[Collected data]
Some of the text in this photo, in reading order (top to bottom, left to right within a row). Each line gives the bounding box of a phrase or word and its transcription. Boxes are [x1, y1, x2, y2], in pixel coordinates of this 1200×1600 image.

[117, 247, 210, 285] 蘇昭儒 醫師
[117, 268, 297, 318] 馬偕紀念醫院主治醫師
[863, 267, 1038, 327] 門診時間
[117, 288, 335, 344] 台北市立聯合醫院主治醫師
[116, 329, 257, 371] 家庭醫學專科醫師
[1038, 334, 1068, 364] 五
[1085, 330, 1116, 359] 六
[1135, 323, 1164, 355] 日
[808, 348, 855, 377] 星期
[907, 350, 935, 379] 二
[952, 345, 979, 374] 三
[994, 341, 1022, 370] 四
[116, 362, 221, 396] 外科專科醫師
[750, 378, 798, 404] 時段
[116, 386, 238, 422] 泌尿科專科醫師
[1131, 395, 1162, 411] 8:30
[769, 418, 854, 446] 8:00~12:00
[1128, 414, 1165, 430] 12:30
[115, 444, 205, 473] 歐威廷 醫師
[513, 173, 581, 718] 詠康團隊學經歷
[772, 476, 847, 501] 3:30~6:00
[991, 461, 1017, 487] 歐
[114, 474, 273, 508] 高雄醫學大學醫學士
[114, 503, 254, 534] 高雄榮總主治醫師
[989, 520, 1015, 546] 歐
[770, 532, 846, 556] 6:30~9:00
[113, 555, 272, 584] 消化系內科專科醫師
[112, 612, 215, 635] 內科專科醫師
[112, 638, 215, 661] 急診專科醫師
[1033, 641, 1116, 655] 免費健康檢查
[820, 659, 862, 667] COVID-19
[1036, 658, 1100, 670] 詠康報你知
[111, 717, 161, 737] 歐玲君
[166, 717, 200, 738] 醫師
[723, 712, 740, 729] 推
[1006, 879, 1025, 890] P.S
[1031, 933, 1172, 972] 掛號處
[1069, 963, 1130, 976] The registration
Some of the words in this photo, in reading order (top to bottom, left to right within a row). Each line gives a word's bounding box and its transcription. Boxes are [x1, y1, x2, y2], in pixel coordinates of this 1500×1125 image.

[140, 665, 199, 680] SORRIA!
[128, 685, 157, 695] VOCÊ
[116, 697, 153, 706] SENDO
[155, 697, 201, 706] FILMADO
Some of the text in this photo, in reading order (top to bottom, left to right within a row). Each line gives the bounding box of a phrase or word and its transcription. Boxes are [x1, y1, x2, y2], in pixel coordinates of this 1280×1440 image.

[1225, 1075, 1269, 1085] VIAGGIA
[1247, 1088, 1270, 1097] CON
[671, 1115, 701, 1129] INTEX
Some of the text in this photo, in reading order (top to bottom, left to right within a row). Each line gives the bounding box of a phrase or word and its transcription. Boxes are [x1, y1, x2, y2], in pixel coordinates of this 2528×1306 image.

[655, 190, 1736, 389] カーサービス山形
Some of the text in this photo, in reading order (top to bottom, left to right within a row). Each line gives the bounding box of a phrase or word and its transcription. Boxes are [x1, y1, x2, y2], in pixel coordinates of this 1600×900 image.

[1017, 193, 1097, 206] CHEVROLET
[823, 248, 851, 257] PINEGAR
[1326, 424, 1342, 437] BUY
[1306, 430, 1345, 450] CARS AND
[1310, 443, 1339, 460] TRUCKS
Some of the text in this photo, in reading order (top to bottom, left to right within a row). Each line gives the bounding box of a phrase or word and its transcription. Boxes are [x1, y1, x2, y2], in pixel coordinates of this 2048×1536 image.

» What is expected
Please return the span of lines above that opens with the one containing "this 2528×1306 image." and closes with the final line, both included, exactly as written and nothing more.

» Answer below
Some of the text in this photo, in reading order (top to bottom, left to right within a row). Each line gives the bounding box of a phrase or word and its transcription. Boxes are [x1, y1, x2, y2], in pixel coordinates of this 2528×1306 image.

[655, 190, 1736, 389] カーサービス山形
Some of the text in this photo, in reading order (top to bottom, left to right within a row). Each line gives the bounding box of a phrase or word and its transcription. Boxes are [x1, y1, x2, y2], in pixel coordinates of this 1600×900 image.

[1017, 193, 1097, 206] CHEVROLET
[823, 248, 851, 257] PINEGAR
[1326, 424, 1342, 437] BUY
[1306, 430, 1345, 450] CARS AND
[1310, 443, 1339, 460] TRUCKS
Some of the text in this photo, in reading order (top to bottom, left to right within a row). Each line gives the bounding box of a phrase or word and its transcription. Boxes are [x1, y1, x2, y2], in pixel coordinates of this 2048×1536 image.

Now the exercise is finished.